I guess sometimes we go into the desert and find new parts of ourselves.
And now I’m home, and we’re on the cusp of my favorite time of year. Call it fall, call it spooky season, call it PSL times, but the opportunity to wear a sweater and drink warm things without sweating myself to death brings me to the best part of the year. In 2022, it finds me contemplative and on the edge of a lot of change: where do I want my career to go, when will I send writing into the world to be considered and likely (at first, anyway) rejected, where shall I live, what do I want the next decade of my life to look like?

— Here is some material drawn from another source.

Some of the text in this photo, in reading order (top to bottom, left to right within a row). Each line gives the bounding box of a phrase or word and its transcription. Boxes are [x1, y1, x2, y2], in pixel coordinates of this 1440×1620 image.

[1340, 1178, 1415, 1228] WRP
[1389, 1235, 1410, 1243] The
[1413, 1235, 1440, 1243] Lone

It’s coming together. I decided to go to Burning Man this year because I spent the worst of lockdown furious at the things I’d wanted to do for years and had left undone. It’s why I go dancing so much right now and why I recently went to five concerts in seven days (in order: Less Than Jake, Pink Turns Blue, Peter Hook and the Light, Nine Inch Nails, Mustard Plug). I no longer feel I have the luxury of, “Oh, I’ll catch it next time.” It feels similar with writing: if not now, then when? It doesn’t mean I shove myself ruthlessly through difficult projects, but it means that if I don’t get to work on the thing I want to, I feel it more keenly. I might just be like that from now on. It’s uncomfortable sometimes, but it’s brought me to the things I want so much faster than the way I used to be, so I suppose it’s a net gain.
Painful gain, but gain nonetheless.
This is the cake ATM in Las Vegas. There are several. They serve slices from Carlo’s Bakery, based in Hoboken but expanded so that you can get their stuff in all sorts of places. I had it once before in December 2019, when I asked for a rainbow cake for my farewell party at a job. Since it wasn’t Pride month, we got cake that traveled across the country.

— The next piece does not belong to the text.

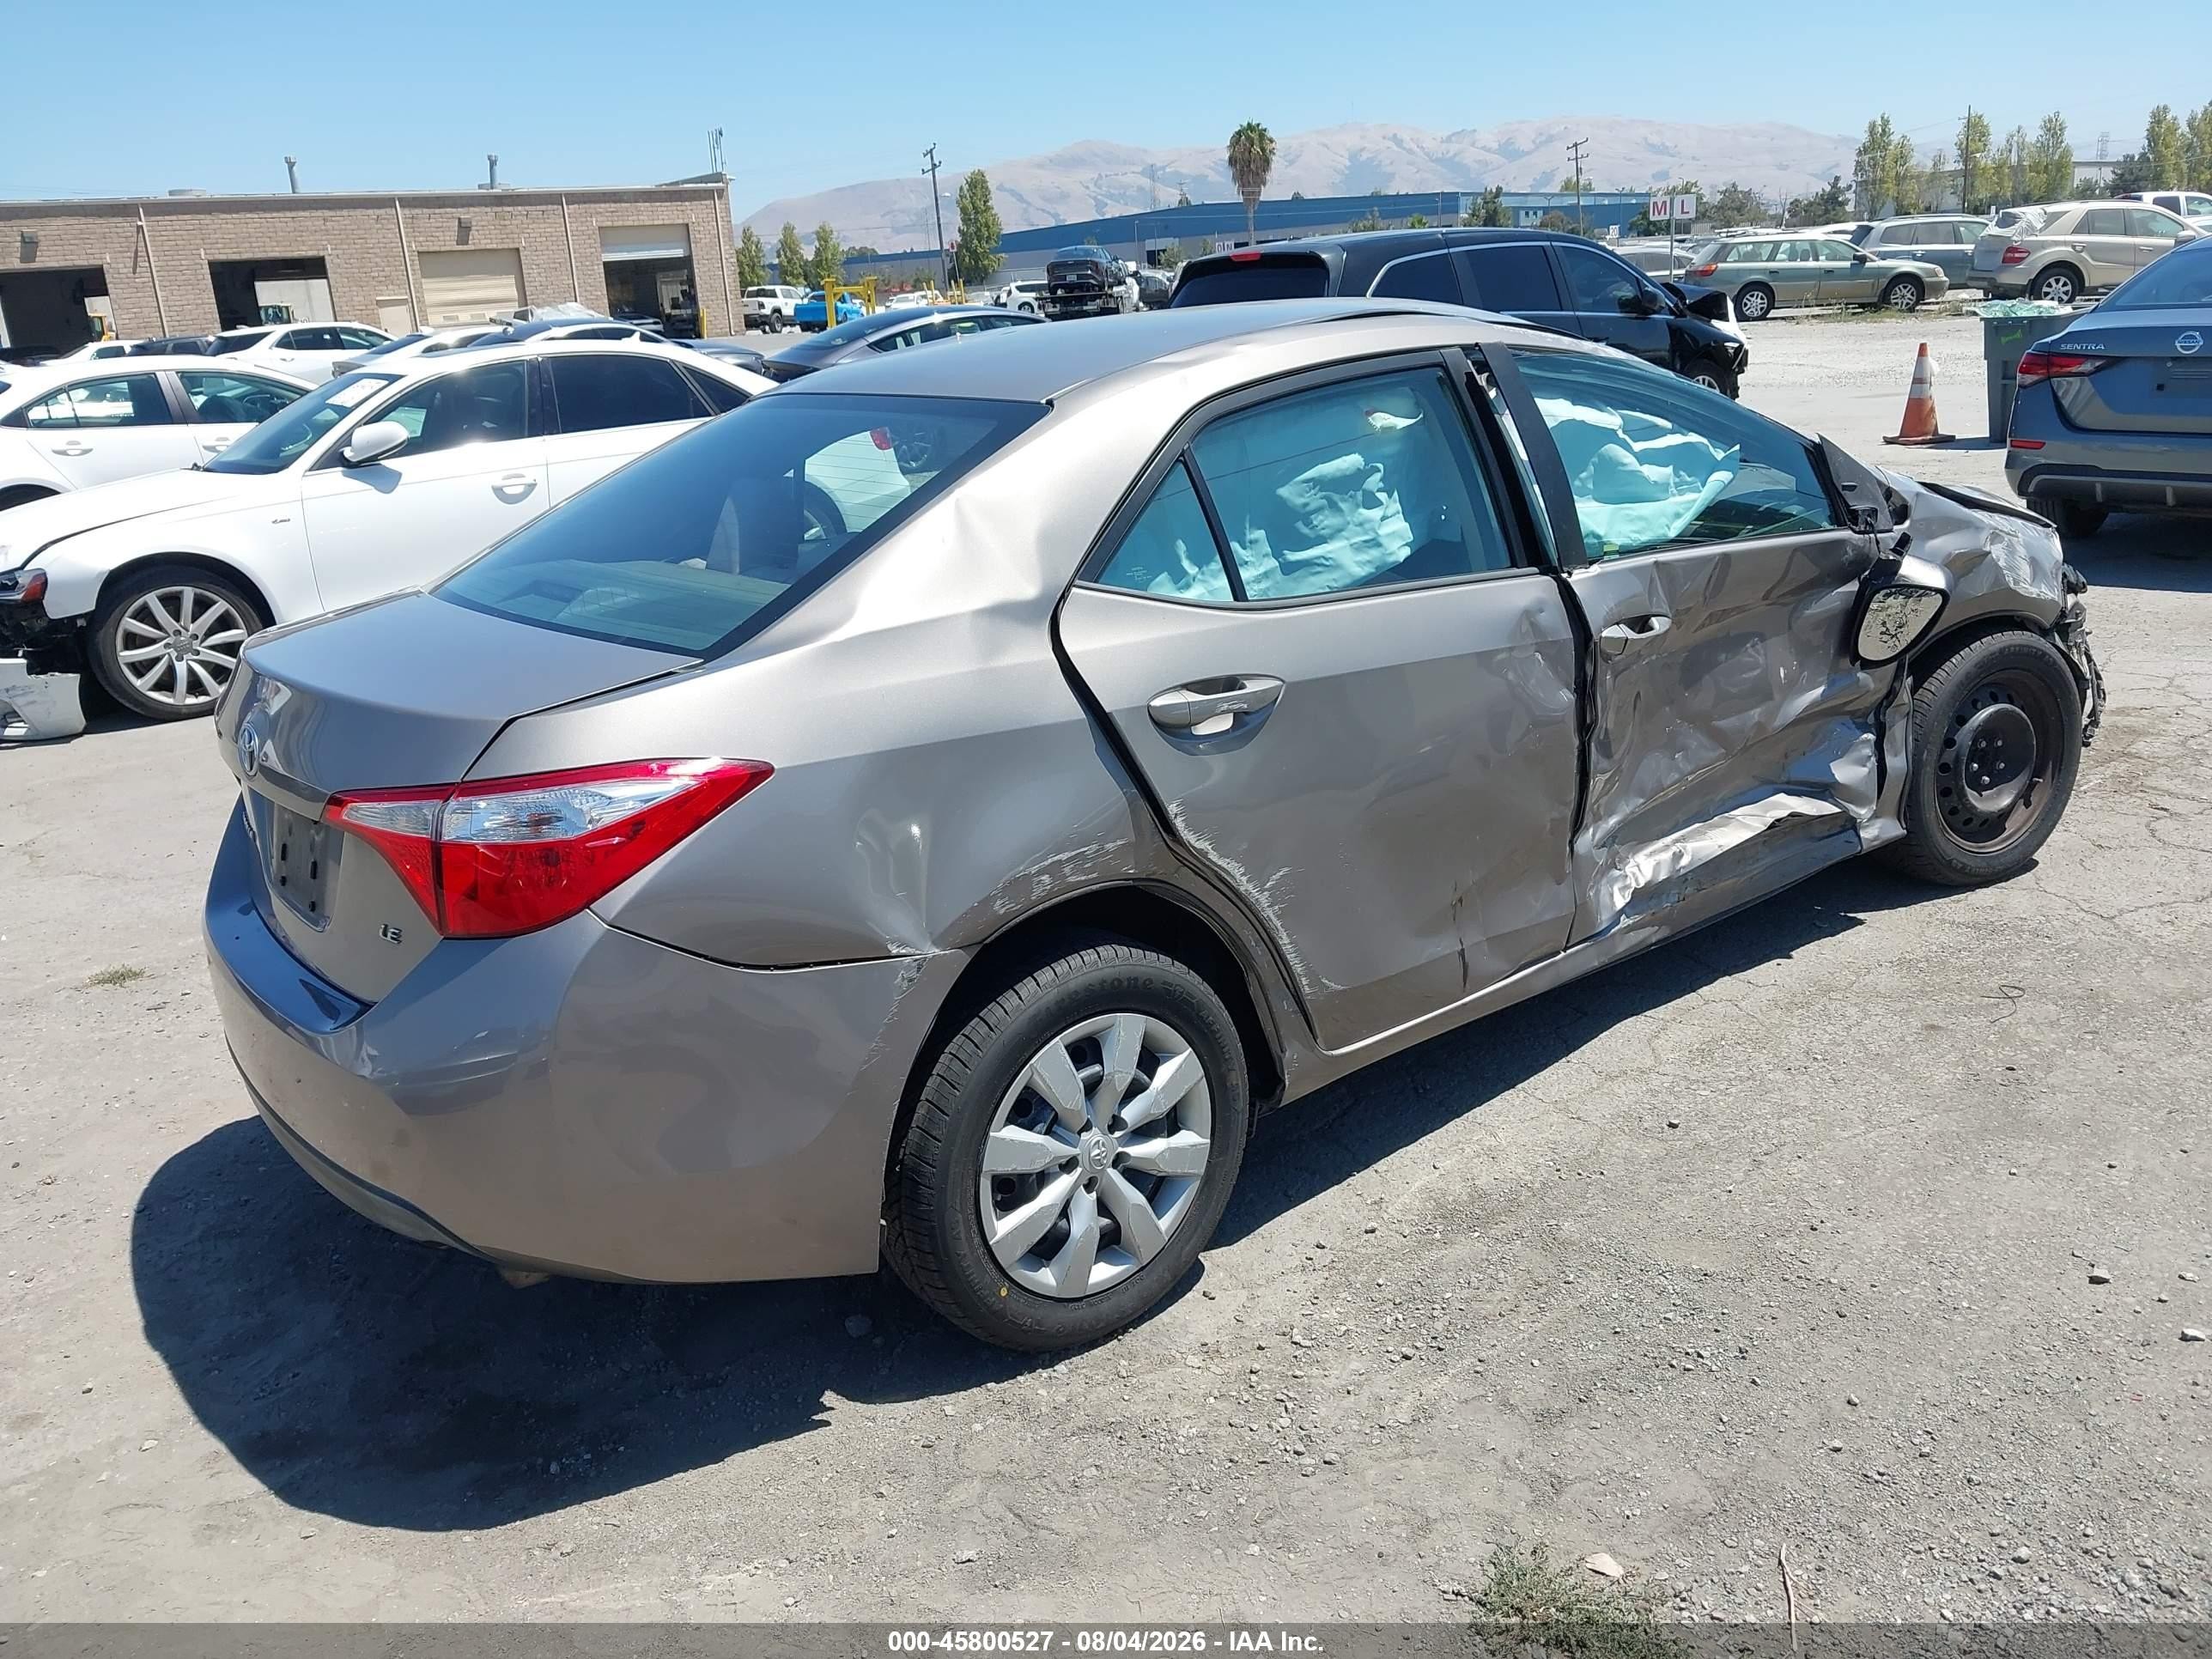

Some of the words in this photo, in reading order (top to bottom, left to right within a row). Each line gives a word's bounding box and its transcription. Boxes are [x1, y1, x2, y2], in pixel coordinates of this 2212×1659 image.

[1652, 200, 1668, 216] M
[1680, 198, 1690, 215] L
[379, 923, 403, 945] LE

Now that, of course, is plenty delightful. But having visited the Las Vegas Cake ATM several times, I can tell you that it captures people’s imaginations to a surprising extent in a place that’s meant to slam the Delight and Overwhelm button as hard as it can. You pay $9, a little shelf rises to the level of your selected cake, and a wide, shallow conveyor turns on to fetch your cake, which it then moves to the slot on the front. Forks are on the side.
In a city full of showgirls and contortionists and big-budget magic and kinda anything you could pay to do with your flesh and that of some others, I loved that invariably the Cake ATM made passersby drift over to go, “Whoa, wait, what is this.” And I got to tell them.
I’ll never be Cirque du Soleil, but in certain parts of my life? I can probably manage Cake ATM.